Editorial: Smoggy times call for serious measures to clean up freight pollution
Southern California isn’t faring so well these days in the war on smog. After years of progress cutting pollution and clearing the skies, the number of bad air days has surged in the last two years. On several days last summer, ozone reached such unhealthy levels that it prompted public health alerts and warnings to stay inside.
The worsening air quality comes as the region is facing a federal deadline to slash smog-forming pollution 45% by 2023. To make matters worse, more than 80% of that pollution is created by vehicles — particularly diesel trucks — that are regulated by the state and federal governments. And the federal agency responsible for cleaning up such pollution is now run by an anti-environment, anti-science zealot who has halted a planned stiffening of emissions standards.
So, yes, these are desperate times for the Southern California leaders tasked with cleaning the air.
That’s why the South Coast Air Quality Management District is again considering new rules that would require warehouses, railroads and new residential and commercial developments to cut pollution from the diesel trucks, locomotives and construction equipment used at their sites. The district may not be able to regulate diesel vehicles directly, but it can regulate facilities that are magnets for them.
Goods movement is a rapidly growing, highly polluting industry that is operating in the nation’s smoggiest region.

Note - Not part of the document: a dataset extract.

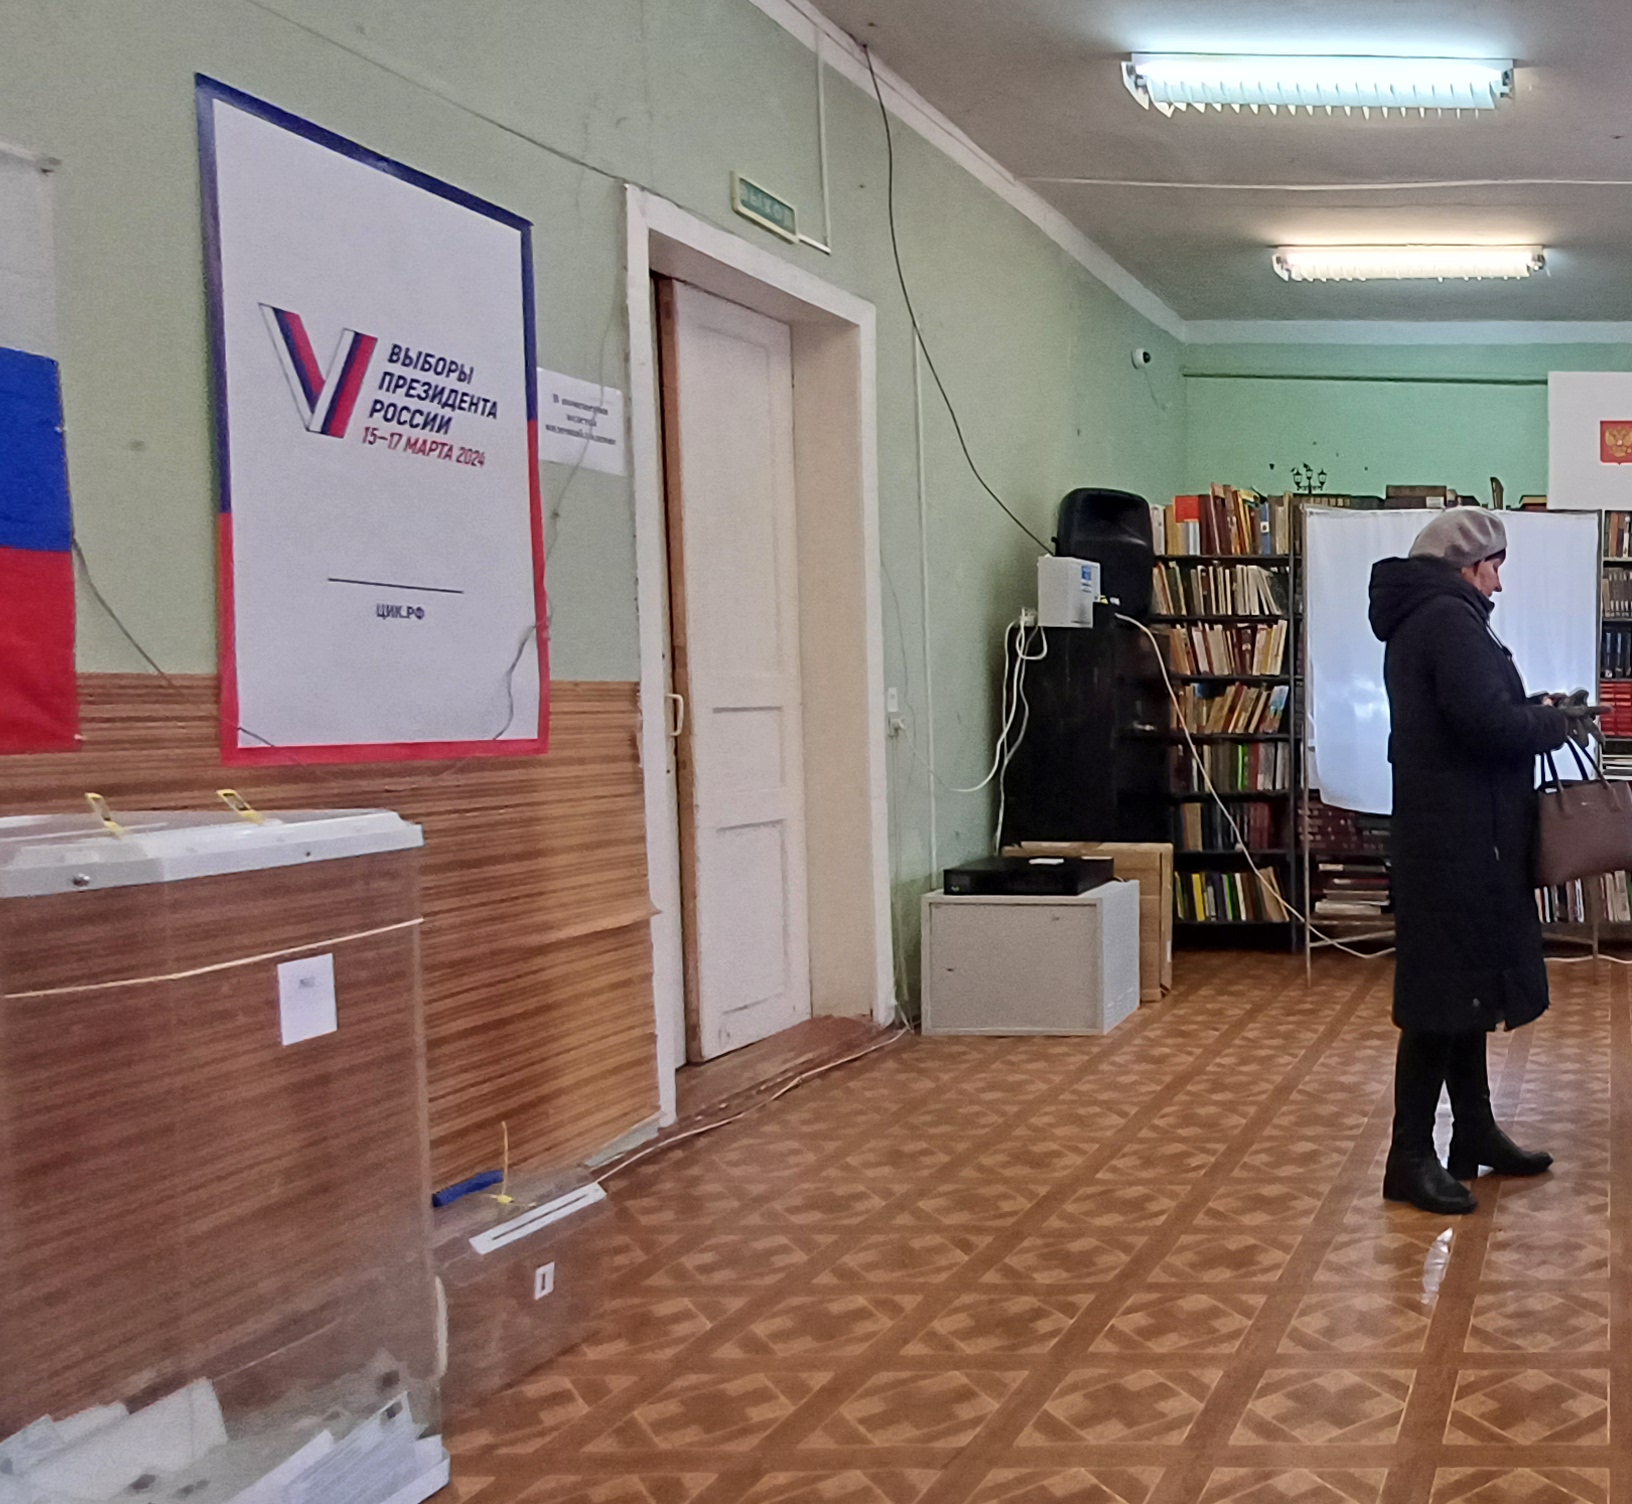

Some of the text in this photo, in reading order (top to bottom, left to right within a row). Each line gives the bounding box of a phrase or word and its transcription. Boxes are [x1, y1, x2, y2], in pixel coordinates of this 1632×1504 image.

Among other possibilities, such “indirect source rules” could require warehouse operators and developers to use cleaner bulldozers or forklifts on site; limit the number of old, dirty trucks serving their warehouses; or pay a fee to help trucking companies buy low-polluting vehicles. The district’s governing board is expected to vote Friday on whether to begin the process of creating the rules.
The board is also expected to approve voluntary measures for commercial airports and the ports of Los Angeles and Long Beach — most of which have adopted or are working on their own plans to cut pollution from trucks, buses and cargo-moving equipment.
The AQMD has considered indirect source rules in the past only to have them batted down by business groups, which argue that such regulations could squelch development and job creation, particularly in the growing trade and goods movement industry. This latest proposal is again facing heavy opposition from business leaders and skepticism from AQMD board members who worry about slowing economic growth.
There’s been a building boom of warehouses and distributions centers in the Inland Empire to handle cargo from the busy ports of L.A. and Long Beach. Warehouse operators, in particular, have protested the proposed regulations, saying they have no control over the independently owned trucks that pick up and drop off cargo at their facilities.
But here’s the problem: Goods movement is a rapidly growing, highly polluting industry that is operating in the nation’s smoggiest region. It’s also a region that is facing a deadline to clean up the air, and penalties (including the loss of federal transportation funds) if it does not do so. Plus, too many residents still live with unhealthy levels of pollution that can permanently damage children’s lungs and raise adults’ risk of heart attacks and strokes. The industry has to step up and do what it can to cut emissions more deeply and rapidly.
Of course it would be far better for the U.S. Environmental Protection Agency to move more quickly in setting new standards for cleaner truck engines — or at least to offer more funding to expedite the transition to low-and-zero emission trucks. But EPA Administrator Scott Pruitt has shown no willingness to do anything that might actually help clean the air or cut greenhouse gas emissions.
Officials in Sacramento could conceivably funnel more money from the state’s climate change program to subsidize the purchase of cleaner trucks. But local leaders in Southern California can’t stand idly by while smog makes a comeback.